*** Begin section ***

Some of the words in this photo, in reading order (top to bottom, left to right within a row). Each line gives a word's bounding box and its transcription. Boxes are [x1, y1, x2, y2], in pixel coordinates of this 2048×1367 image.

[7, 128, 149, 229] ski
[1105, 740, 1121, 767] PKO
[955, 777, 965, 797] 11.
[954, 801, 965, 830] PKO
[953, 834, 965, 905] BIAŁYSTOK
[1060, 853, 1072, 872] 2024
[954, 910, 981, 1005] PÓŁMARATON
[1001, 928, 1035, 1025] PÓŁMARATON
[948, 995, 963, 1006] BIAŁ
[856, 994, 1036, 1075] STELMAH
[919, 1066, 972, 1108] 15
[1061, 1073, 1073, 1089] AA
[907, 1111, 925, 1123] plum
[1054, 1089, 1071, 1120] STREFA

*** End section ***

__Activity__: Give all of the entries again, word for word.

__Answer for this exercise__:
Some of the words in this photo, in reading order (top to bottom, left to right within a row). Each line gives a word's bounding box and its transcription. Boxes are [x1, y1, x2, y2], in pixel coordinates of this 2048×1367 image.

[7, 128, 149, 229] ski
[1105, 740, 1121, 767] PKO
[955, 777, 965, 797] 11.
[954, 801, 965, 830] PKO
[953, 834, 965, 905] BIAŁYSTOK
[1060, 853, 1072, 872] 2024
[954, 910, 981, 1005] PÓŁMARATON
[1001, 928, 1035, 1025] PÓŁMARATON
[948, 995, 963, 1006] BIAŁ
[856, 994, 1036, 1075] STELMAH
[919, 1066, 972, 1108] 15
[1061, 1073, 1073, 1089] AA
[907, 1111, 925, 1123] plum
[1054, 1089, 1071, 1120] STREFA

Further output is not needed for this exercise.